◆ **DESCRIPTION OF THE TASK**
What this exercise needs is every entry restated as written, with no pictures.

◆ **PROVIDED RECORDS**
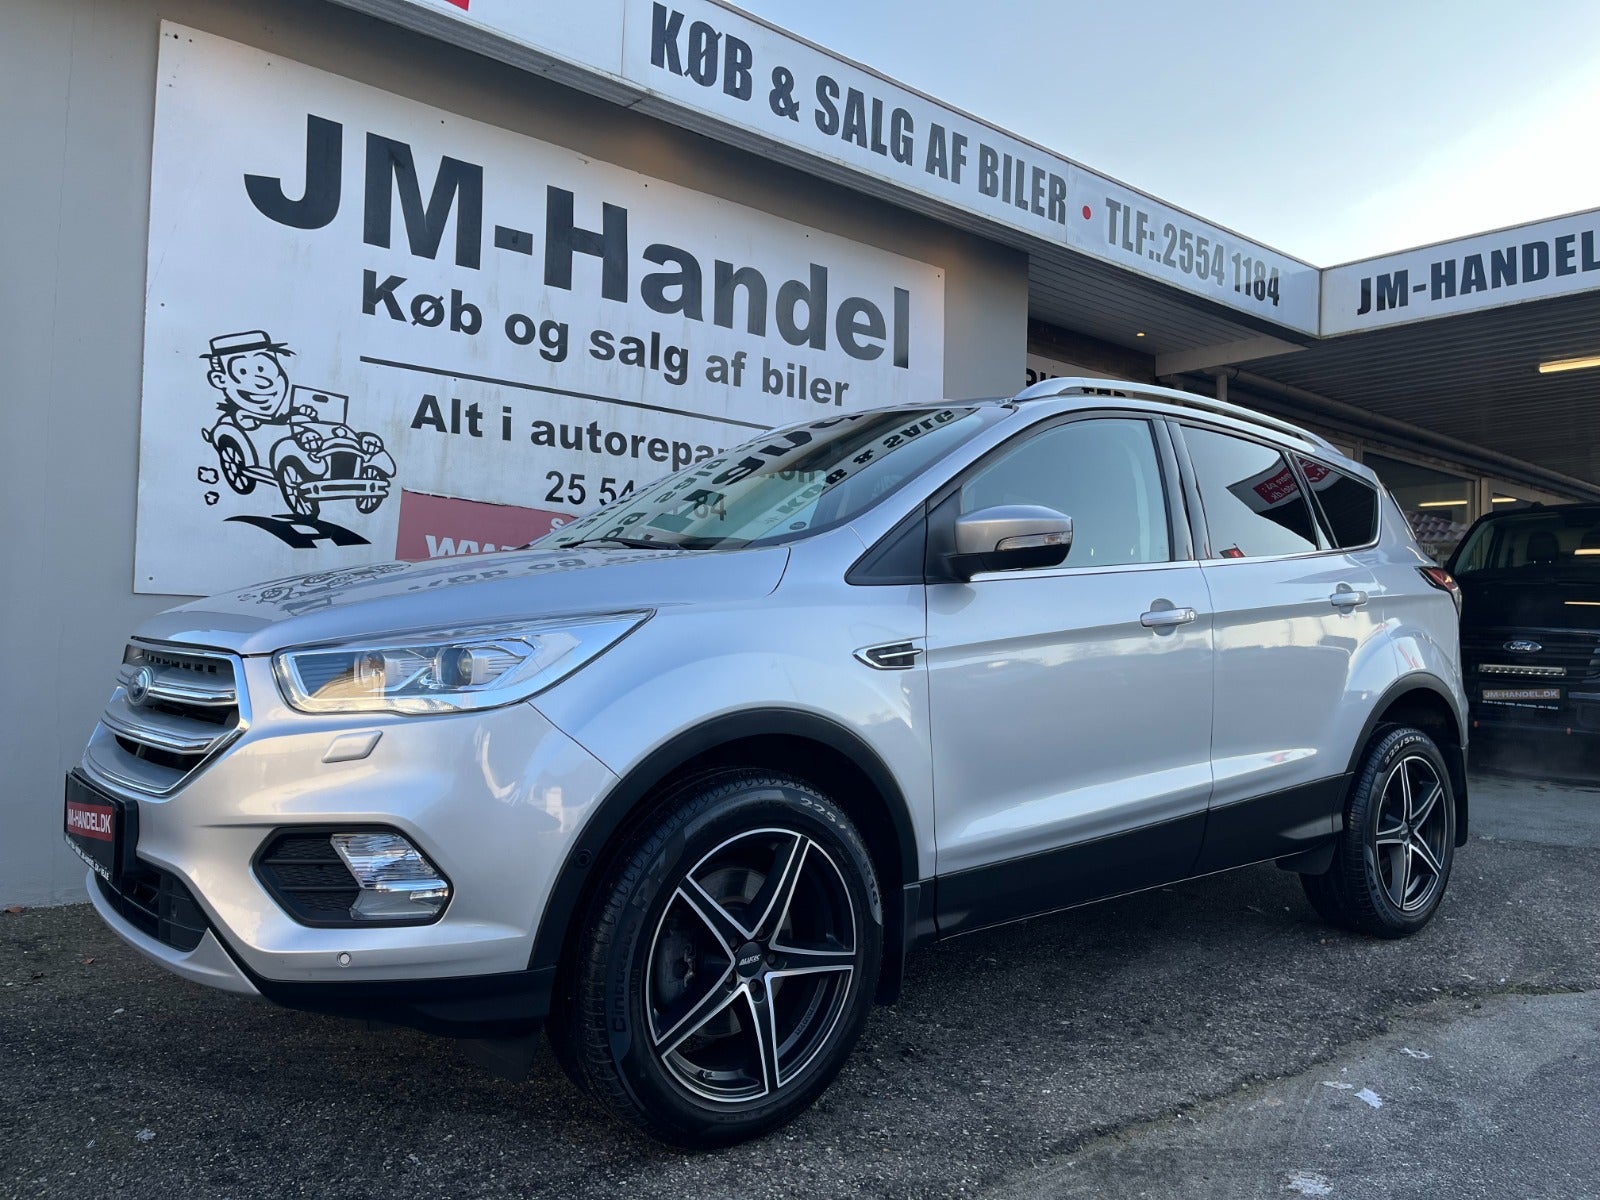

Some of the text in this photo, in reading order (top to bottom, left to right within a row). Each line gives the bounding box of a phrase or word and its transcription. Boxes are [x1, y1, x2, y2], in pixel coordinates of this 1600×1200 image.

[650, 2, 753, 102] KØB
[769, 66, 800, 122] &
[815, 75, 914, 167] SALG
[925, 122, 968, 185] AF
[978, 143, 1067, 225] BILER
[1232, 252, 1280, 307] 1184
[244, 113, 910, 369] JM-Handel
[1357, 230, 1600, 316] JM-HANDEL
[362, 269, 850, 407] Køb og salg af biler
[410, 394, 484, 438] Alt
[502, 405, 512, 441] i
[545, 470, 587, 505] 25
[1486, 689, 1558, 699] JM-HANDEL.DK
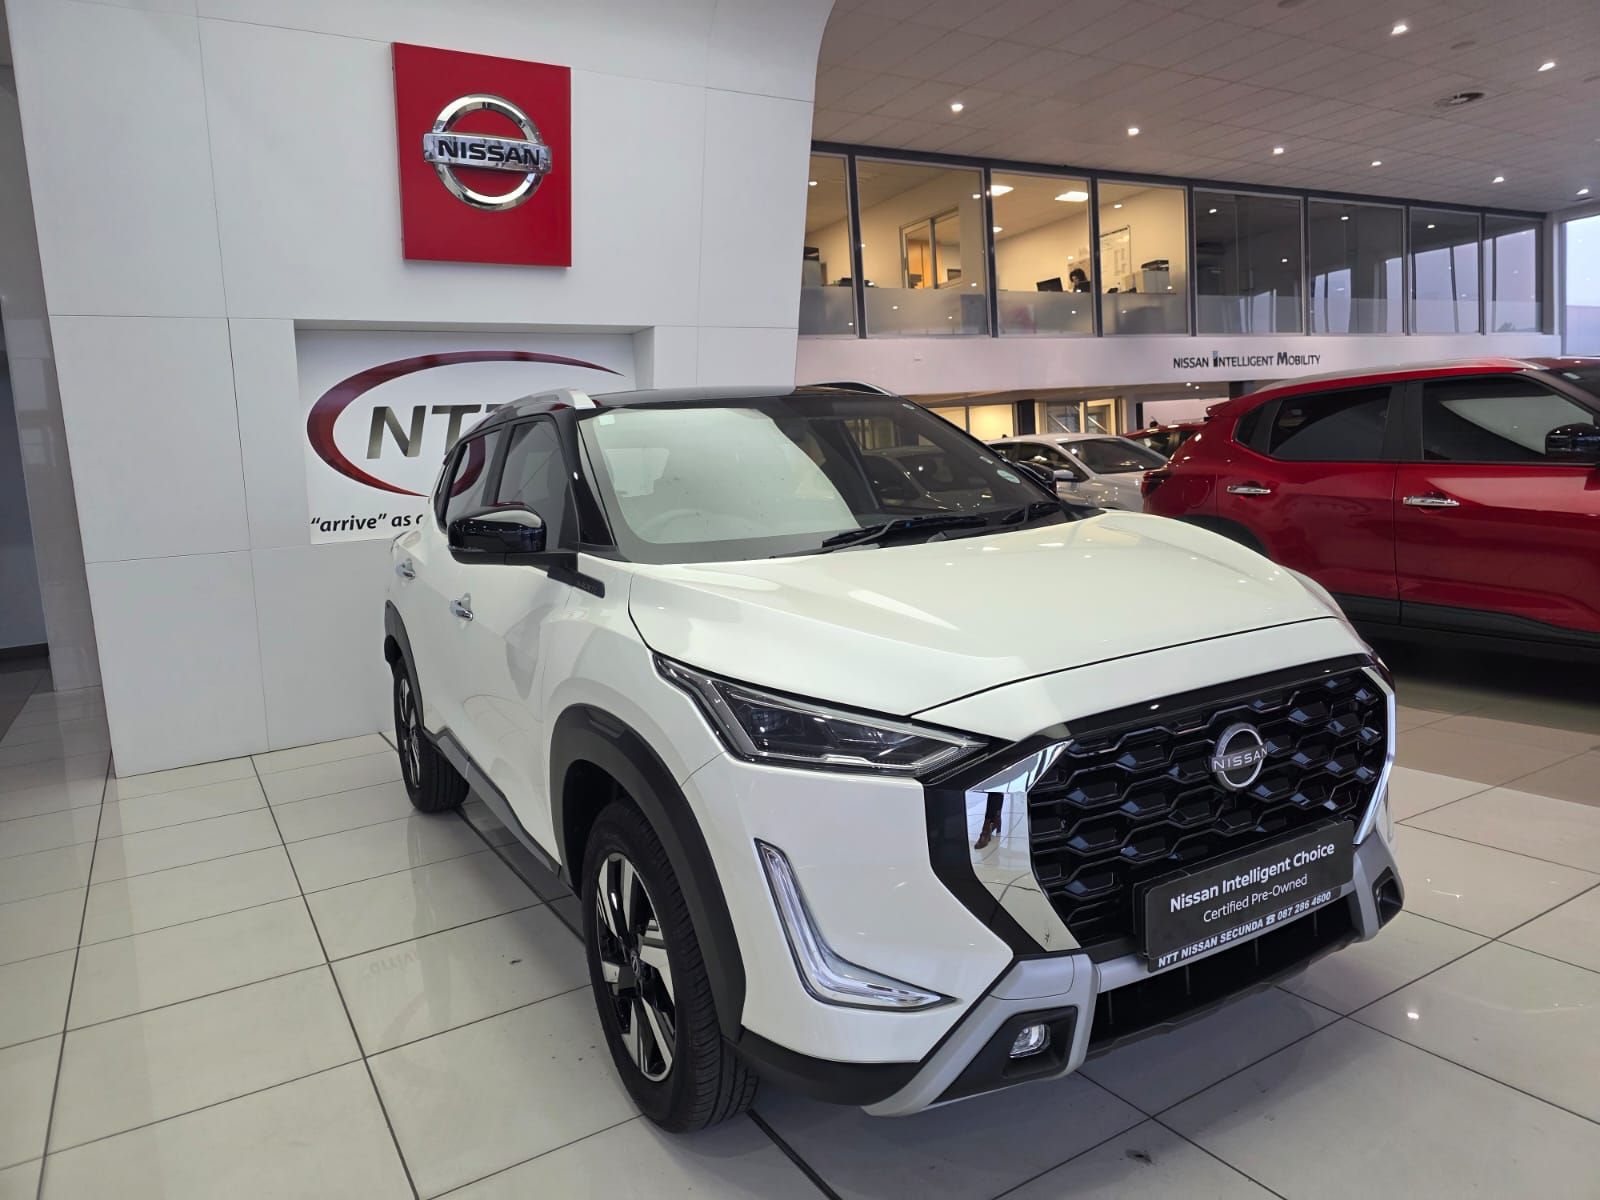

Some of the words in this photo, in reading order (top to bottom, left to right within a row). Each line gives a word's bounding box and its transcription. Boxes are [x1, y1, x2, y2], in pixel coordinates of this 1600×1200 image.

[437, 139, 540, 166] NISSAN
[1173, 357, 1209, 369] NISSAN
[1212, 350, 1274, 368] INTELLIGENT
[1276, 352, 1321, 366] MOBILITY
[366, 403, 504, 460] NT
[391, 514, 411, 527] as
[1214, 746, 1268, 770] NISSAN
[1170, 885, 1219, 913] Nissan
[1222, 857, 1291, 892] Intelligent
[1293, 842, 1335, 867] Choice
[1203, 899, 1249, 923] Certified
[1251, 874, 1308, 905] Pre-Owned
[1158, 951, 1179, 968] NTT
[1181, 936, 1218, 958] NISSAN
[1220, 919, 1264, 944] SECUNDA
[1277, 906, 1293, 921] 087
[1294, 899, 1310, 914] 286

◆ **ANSWER BOX**
Some of the text in this photo, in reading order (top to bottom, left to right within a row). Each line gives the bounding box of a phrase or word and its transcription. Boxes are [x1, y1, x2, y2], in pixel coordinates of this 1600×1200 image.

[650, 2, 753, 102] KØB
[769, 66, 800, 122] &
[815, 75, 914, 167] SALG
[925, 122, 968, 185] AF
[978, 143, 1067, 225] BILER
[1232, 252, 1280, 307] 1184
[244, 113, 910, 369] JM-Handel
[1357, 230, 1600, 316] JM-HANDEL
[362, 269, 850, 407] Køb og salg af biler
[410, 394, 484, 438] Alt
[502, 405, 512, 441] i
[545, 470, 587, 505] 25
[1486, 689, 1558, 699] JM-HANDEL.DK

Some of the words in this photo, in reading order (top to bottom, left to right within a row). Each line gives a word's bounding box and its transcription. Boxes are [x1, y1, x2, y2], in pixel coordinates of this 1600×1200 image.

[437, 139, 540, 166] NISSAN
[1173, 357, 1209, 369] NISSAN
[1212, 350, 1274, 368] INTELLIGENT
[1276, 352, 1321, 366] MOBILITY
[366, 403, 504, 460] NT
[391, 514, 411, 527] as
[1214, 746, 1268, 770] NISSAN
[1170, 885, 1219, 913] Nissan
[1222, 857, 1291, 892] Intelligent
[1293, 842, 1335, 867] Choice
[1203, 899, 1249, 923] Certified
[1251, 874, 1308, 905] Pre-Owned
[1158, 951, 1179, 968] NTT
[1181, 936, 1218, 958] NISSAN
[1220, 919, 1264, 944] SECUNDA
[1277, 906, 1293, 921] 087
[1294, 899, 1310, 914] 286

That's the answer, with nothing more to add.